Asian stocks fall on trade tensions

Asian stock markets fell on Thursday due to concerns about a potential trade war between the US and China, with chip-related stocks leading the decline.

Meanwhile, the Japanese yen surged to a six-week high amid speculation of intervention by Japanese authorities last week.

The MSCI broadest index of Asia-Pacific shares outside Japan fell 0.57 per cent, with South Korea’s tech-heavy KOSPI leading the decline, down nearly one per cent.

The strength of the yen and a sharp drop in chip stocks pushed Japan’s Nikkei down two per cent.

Chinese stocks also retreated as investors awaited policy announcements from a key leadership gathering in Beijing. Both the Shanghai Composite Index and the blue-chip CSI300 Index dipped by 0.4 per cent and 0.5 per cent, respectively.

News reports suggesting the US might impose tighter restrictions on advanced semiconductor technology exports to China, caused chip stocks and the Nasdaq to plummet. Nvidia and Apple were among the companies affected.

Investor concerns rose when Donald Trump suggested that Taiwan should pay the US for defense as it benefits from the chip business.

This caused Taiwan Semiconductor Manufacturing Co’s (TSMC) shares to drop sharply before its second-quarter earnings report. TSMC shares fell three per cent in early trading, while the broader index was down nearly two per cent.

Market divergences are currently influenced by US politics, according to Matt Simpson, Senior Market Analyst at City Index. The return of broken correlations is likely as markets assess the potential impact of the upcoming US elections.

Financial markets are now fully expecting a 25-basis-point rate cut by the Federal Reserve in September.

This comes after Federal Reserve officials acknowledged on Wednesday that “the central bank was “closer” to cutting interest rates, citing the progress in inflation easing close to its two per cent target.

Consequently, the US dollar remained under pressure. The euro held steady at $1.09385, near the four-month high it reached on Wednesday. Sterling also maintained its strength, hovering close to a one-year peak at $1.30065.

Investor focus now shifts towards the European Central Bank’s policy decision later in the day.

The central bank is widely expected to maintain its current stance, but comments from officials will be closely scrutinised for clues regarding the timing of the next potential rate cut.

The US dollar index, measuring the greenback’s strength against a basket of six major currencies, edged slightly higher to 103.69, just above the four-month low of 103.64 touched on Wednesday.

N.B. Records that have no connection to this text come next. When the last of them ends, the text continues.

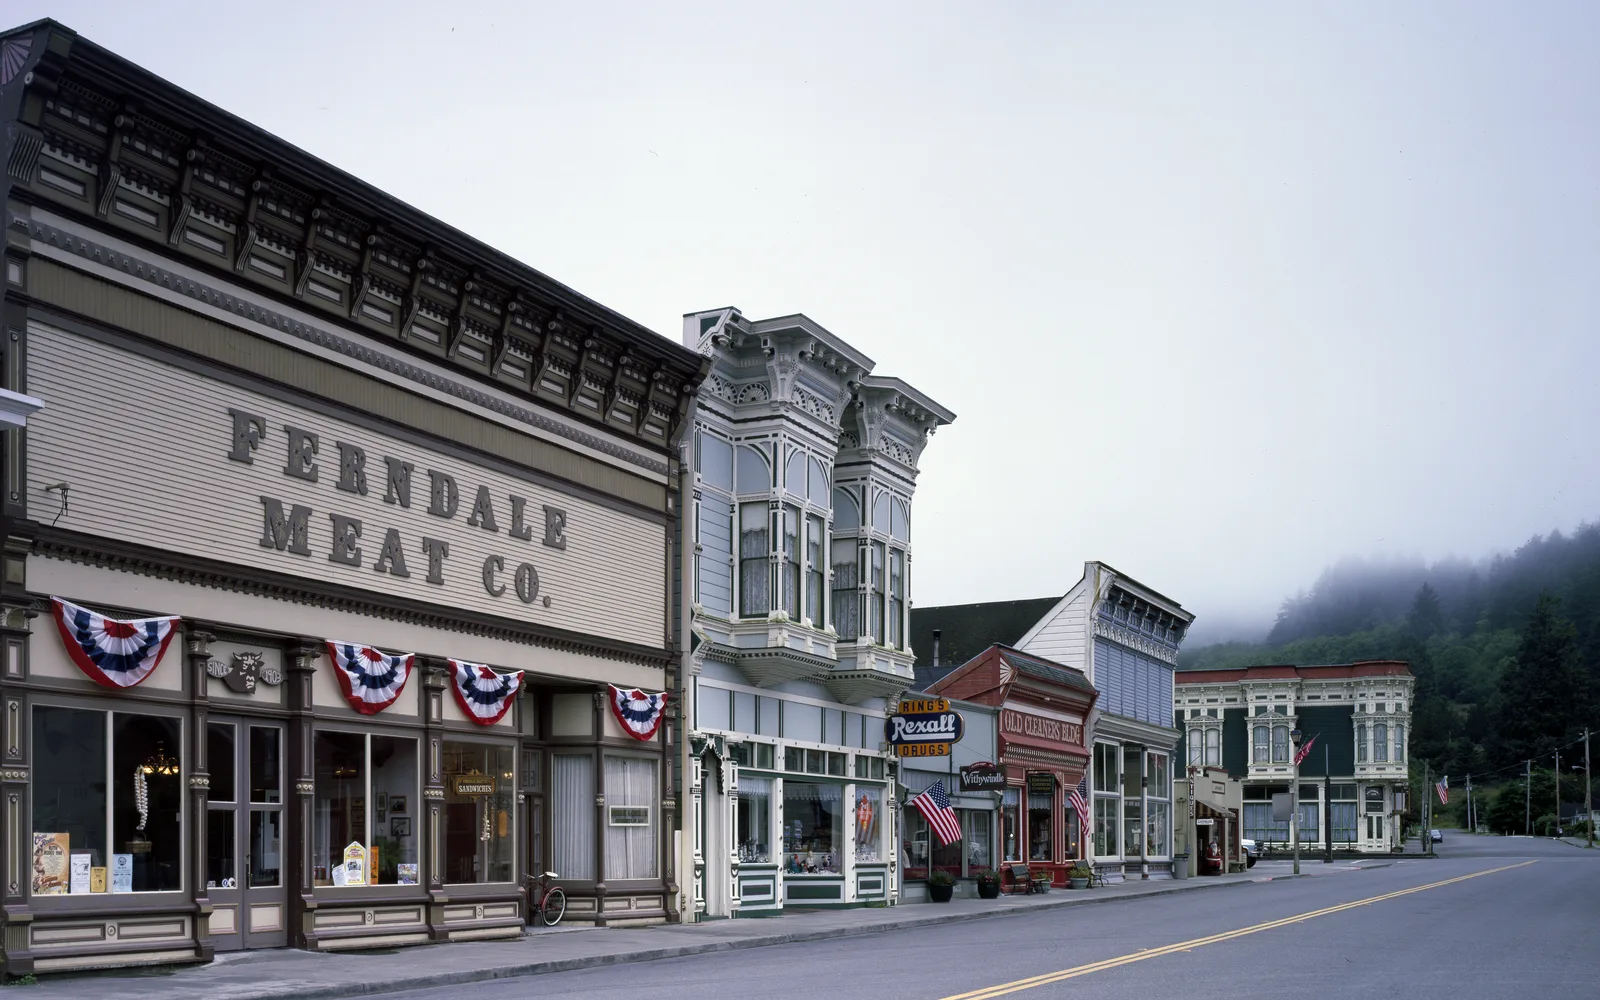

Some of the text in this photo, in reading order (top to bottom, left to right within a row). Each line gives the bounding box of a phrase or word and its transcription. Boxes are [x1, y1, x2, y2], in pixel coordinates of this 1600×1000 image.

[228, 407, 567, 550] FERNDALE
[260, 495, 551, 608] MEAT CO.
[207, 661, 281, 683] SINCE 1903
[903, 701, 945, 712] RING'S
[891, 714, 956, 741] Rexall
[1004, 710, 1080, 745] OLD CLEANERS BLDG
[903, 745, 944, 756] DRUGS
[962, 771, 1004, 786] Withywindle
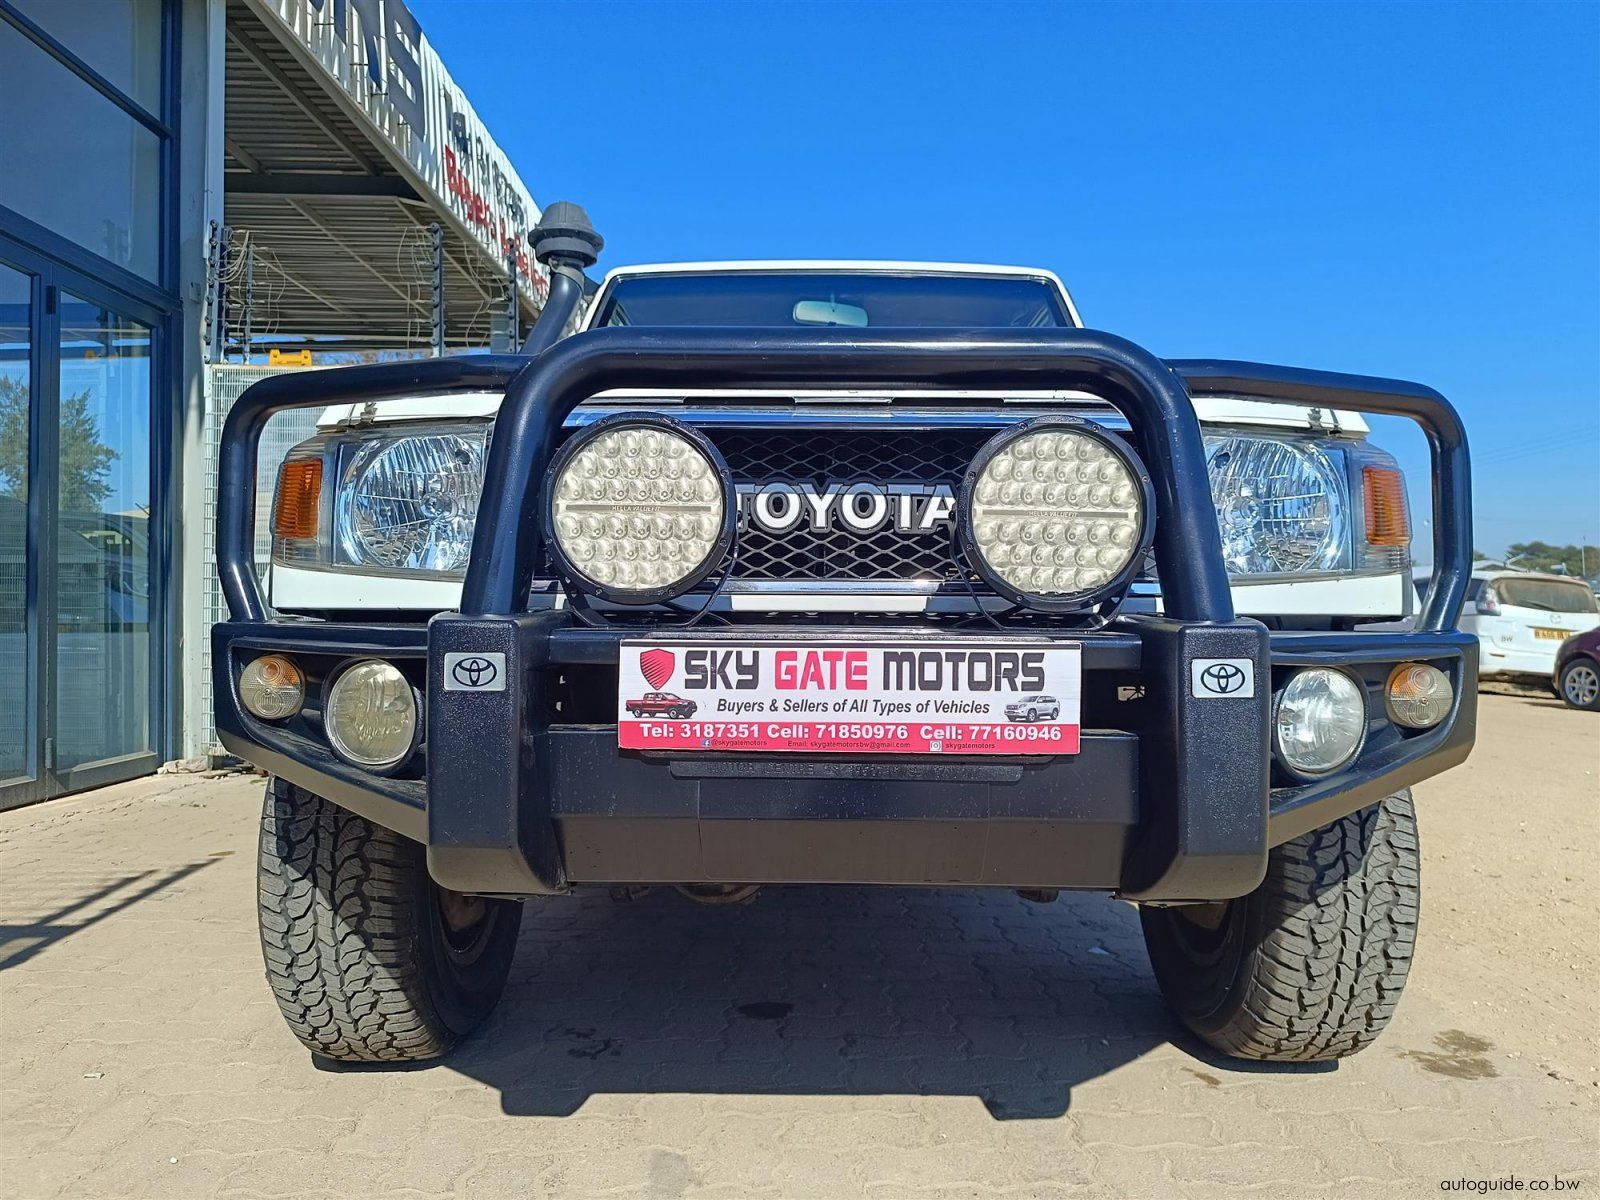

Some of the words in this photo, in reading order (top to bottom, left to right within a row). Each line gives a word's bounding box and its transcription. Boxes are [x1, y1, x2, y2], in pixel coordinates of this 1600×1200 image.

[684, 650, 760, 690] SKY
[774, 650, 868, 691] GATE
[883, 651, 1046, 692] MOTORS
[717, 698, 765, 715] Buyers
[769, 699, 779, 712] &
[783, 698, 829, 713] Sellers
[832, 699, 849, 713] of
[849, 700, 868, 713] All
[872, 700, 912, 716] Types
[916, 700, 931, 713] of
[933, 700, 990, 714] Vehicles
[639, 723, 675, 738] Tel:
[680, 723, 760, 739] 3187351
[767, 724, 810, 739] Cell:
[815, 724, 909, 740] 71850976
[919, 725, 963, 740] Cell:
[969, 725, 1063, 741] 77160946
[810, 740, 911, 749] skygatemotorsbw@gmail.com
[945, 742, 996, 750] skygatemotors
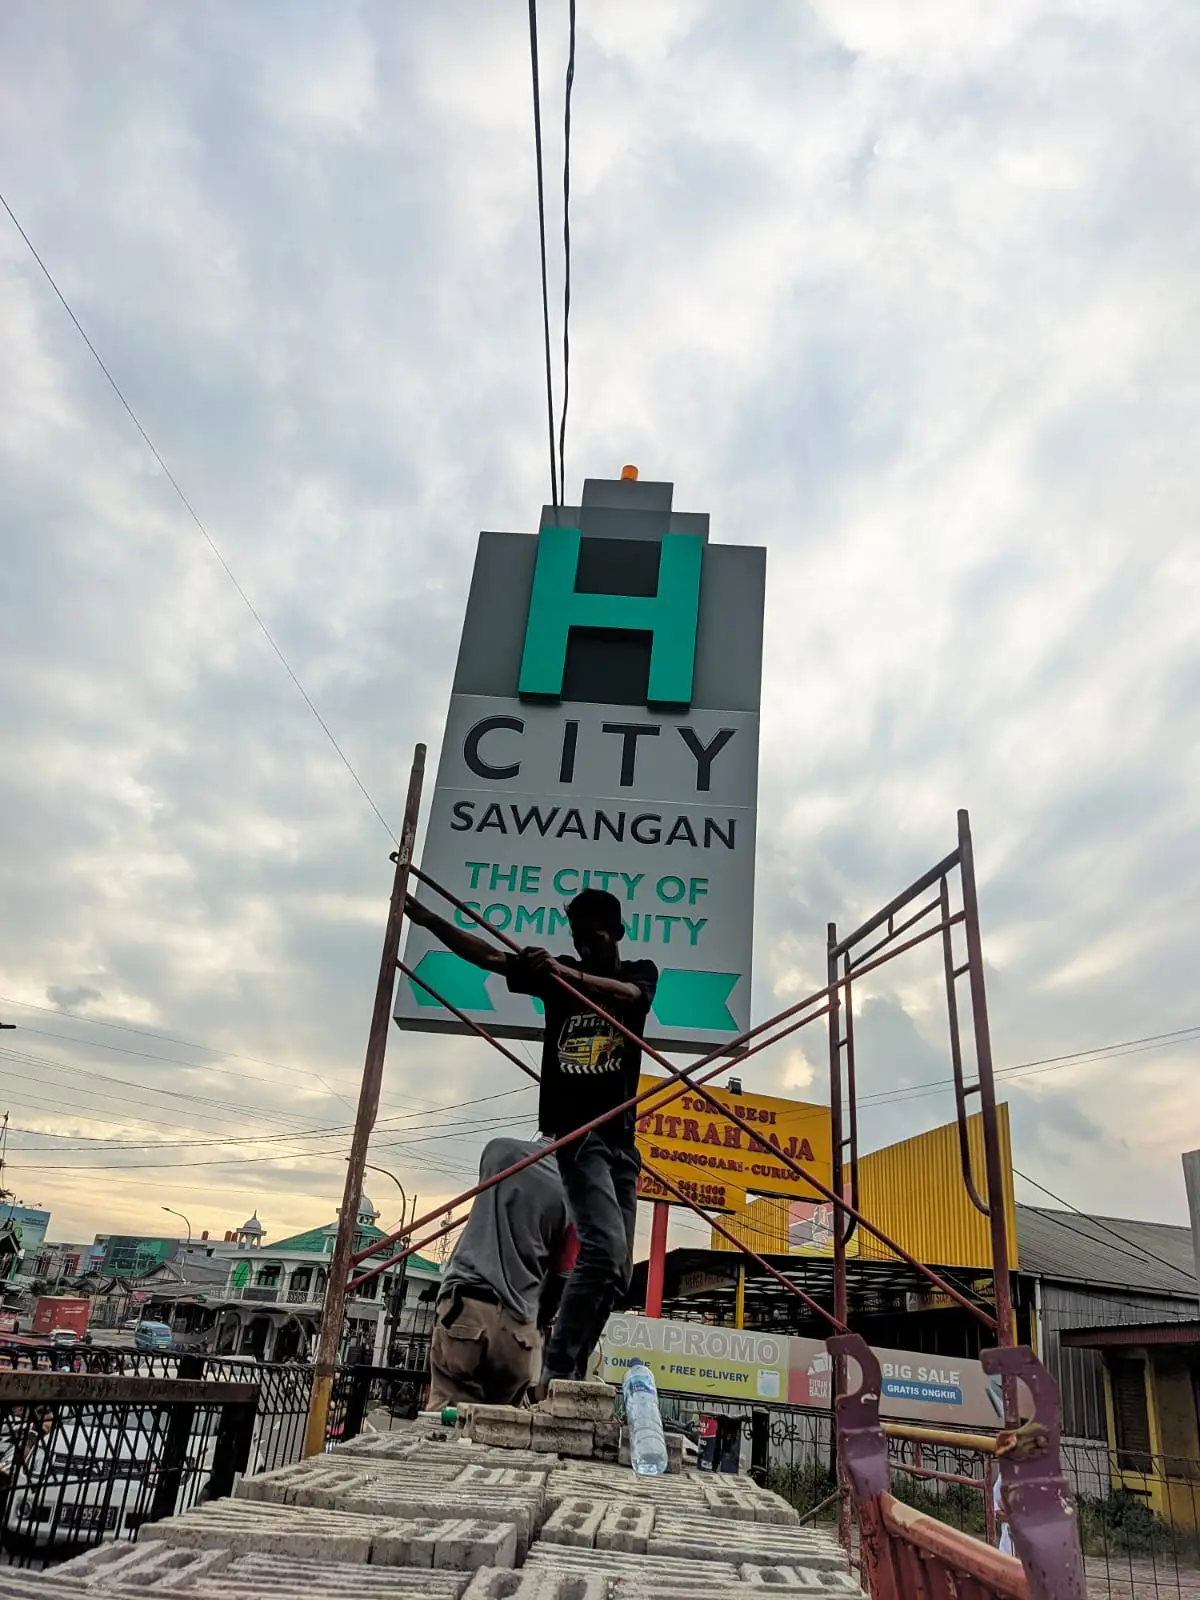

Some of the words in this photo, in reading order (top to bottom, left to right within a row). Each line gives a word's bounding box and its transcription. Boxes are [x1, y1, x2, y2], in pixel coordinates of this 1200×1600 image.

The Japanese yen surged to a six-week high against the dollar at 155.37 in early trading, following a sharp rise on Wednesday that fuelled speculation of intervention by Japanese authorities to support the weakening currency.

Data from the Bank of Japan (BOJ) suggests Tokyo may have purchased nearly six trillion-yen last week to bolster the yen from the 38-year lows it has endured since the beginning of the month.

The yen has depreciated by 9.5 per cent against the dollar so far in 2024. This wide interest rate differential between the US and Japan has created a lucrative carry trade opportunity.

In the commodities market, gold prices edged slightly higher by 0.18 per cent to $2,462 per ounce, lingering just below the record high of $2,483.60 set on Wednesday.